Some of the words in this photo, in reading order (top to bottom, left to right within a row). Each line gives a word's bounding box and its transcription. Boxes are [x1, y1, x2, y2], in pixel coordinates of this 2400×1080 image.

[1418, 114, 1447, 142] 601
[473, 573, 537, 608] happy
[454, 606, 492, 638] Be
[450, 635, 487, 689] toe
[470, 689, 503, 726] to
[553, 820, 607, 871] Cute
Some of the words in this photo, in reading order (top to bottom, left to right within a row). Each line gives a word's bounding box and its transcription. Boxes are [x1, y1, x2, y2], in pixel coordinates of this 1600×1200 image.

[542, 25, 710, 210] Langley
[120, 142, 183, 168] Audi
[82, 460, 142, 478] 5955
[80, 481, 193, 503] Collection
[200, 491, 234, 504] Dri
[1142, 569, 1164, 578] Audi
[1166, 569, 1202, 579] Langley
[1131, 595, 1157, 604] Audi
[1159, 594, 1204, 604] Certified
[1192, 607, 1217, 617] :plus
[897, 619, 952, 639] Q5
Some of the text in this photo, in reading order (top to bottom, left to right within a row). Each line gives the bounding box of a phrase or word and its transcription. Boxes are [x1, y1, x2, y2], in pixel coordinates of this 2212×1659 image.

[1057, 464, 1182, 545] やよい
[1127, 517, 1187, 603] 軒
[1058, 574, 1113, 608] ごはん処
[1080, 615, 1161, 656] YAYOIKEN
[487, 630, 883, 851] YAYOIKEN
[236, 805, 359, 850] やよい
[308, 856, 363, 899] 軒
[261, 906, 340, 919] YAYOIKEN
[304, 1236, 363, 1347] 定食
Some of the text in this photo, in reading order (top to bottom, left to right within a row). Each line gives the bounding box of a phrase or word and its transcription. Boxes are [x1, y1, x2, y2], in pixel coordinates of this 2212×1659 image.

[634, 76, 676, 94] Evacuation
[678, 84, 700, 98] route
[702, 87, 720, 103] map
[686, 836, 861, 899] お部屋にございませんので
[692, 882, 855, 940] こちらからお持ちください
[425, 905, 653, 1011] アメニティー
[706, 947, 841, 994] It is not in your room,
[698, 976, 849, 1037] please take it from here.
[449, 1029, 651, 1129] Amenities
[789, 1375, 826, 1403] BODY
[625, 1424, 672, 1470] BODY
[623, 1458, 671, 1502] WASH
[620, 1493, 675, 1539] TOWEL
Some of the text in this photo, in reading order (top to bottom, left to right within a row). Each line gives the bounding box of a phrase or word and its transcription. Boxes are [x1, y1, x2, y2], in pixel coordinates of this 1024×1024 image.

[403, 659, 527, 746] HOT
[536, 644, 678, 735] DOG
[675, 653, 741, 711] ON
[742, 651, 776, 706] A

+++

§ **WORK REQUIRED**: Would you copy exactly the lines from the one that contains "this 1024×1024 image." through the final line of the records above, including both?

§ **RESULT OF THIS TASK**:
Some of the text in this photo, in reading order (top to bottom, left to right within a row). Each line gives the bounding box of a phrase or word and its transcription. Boxes are [x1, y1, x2, y2], in pixel coordinates of this 1024×1024 image.

[403, 659, 527, 746] HOT
[536, 644, 678, 735] DOG
[675, 653, 741, 711] ON
[742, 651, 776, 706] A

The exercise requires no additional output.